Endeavour House was built by the TXU Corporation who wanted a large UK office with an original construction cost of £28 million. However, in late 2002 the US based company went into administration. They put the uncompleted building up for sale and in 2003, Suffolk County Council bought the building for £16 million. Endeavour house was constructed by M&S contractors and was designed by TTSP architects. The design consists of two office structures connected with an open converse with stairs and lifts in the centre rising 5 storey's. The office building is one of the most sustainable office buildings in Europe upon completion with 50,000 photovoltaic cells.

===Grafton House===

Completed in 2006, Grafton House is home to Ipswich Borough Council and smart energy, designed by Consarc Consulting Architects. The 6 storey building is located opposite Endeavour House and consists of 60,000 sq feet of office space with mixed retail units at ground level including a coffee shop.

===Ipswich Crown Court===

Ipswich Crown Court is located on 1 Russell Road, Ipswich Crown Court was part of the new build Crown Courts project in Ipswich and Cambridge. The Private finance initiative project was Designed by Austin-Smith Lord LLP architects, construction on both projects started in April 2002 and both were completed by November 2004. The main contractor of Ipswich Crown Court was Mowlem.

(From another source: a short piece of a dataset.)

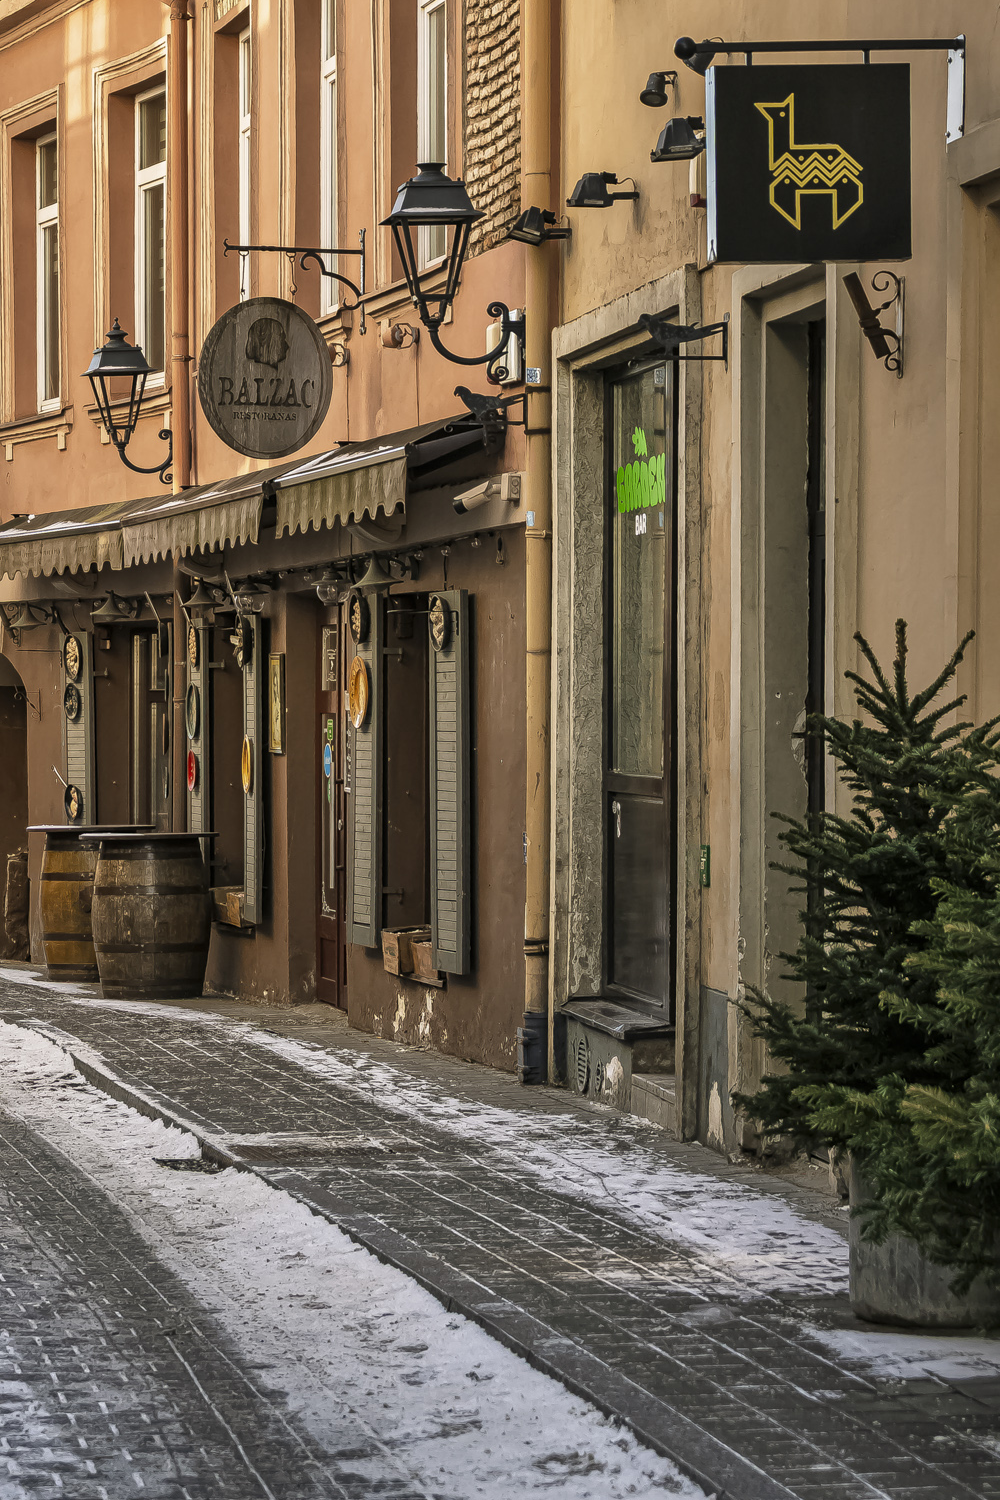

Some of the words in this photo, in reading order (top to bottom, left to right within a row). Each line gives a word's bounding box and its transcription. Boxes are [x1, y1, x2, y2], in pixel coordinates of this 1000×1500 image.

[218, 376, 315, 408] BALZAC
[233, 411, 297, 421] RESTORANAS
[616, 452, 666, 513] GARDEN
[635, 513, 647, 536] BAR

===Portman Road Stadium===

Portman Road Stadium is an association football stadium in Ipswich, Suffolk, England. It has been the home ground of Ipswich Town F.C. since 1884. The stadium has also hosted a number of England youth international matches, and one senior England friendly international match, against Croatia in 2003. It has staged several other sporting events, including athletics meetings and international hockey matches.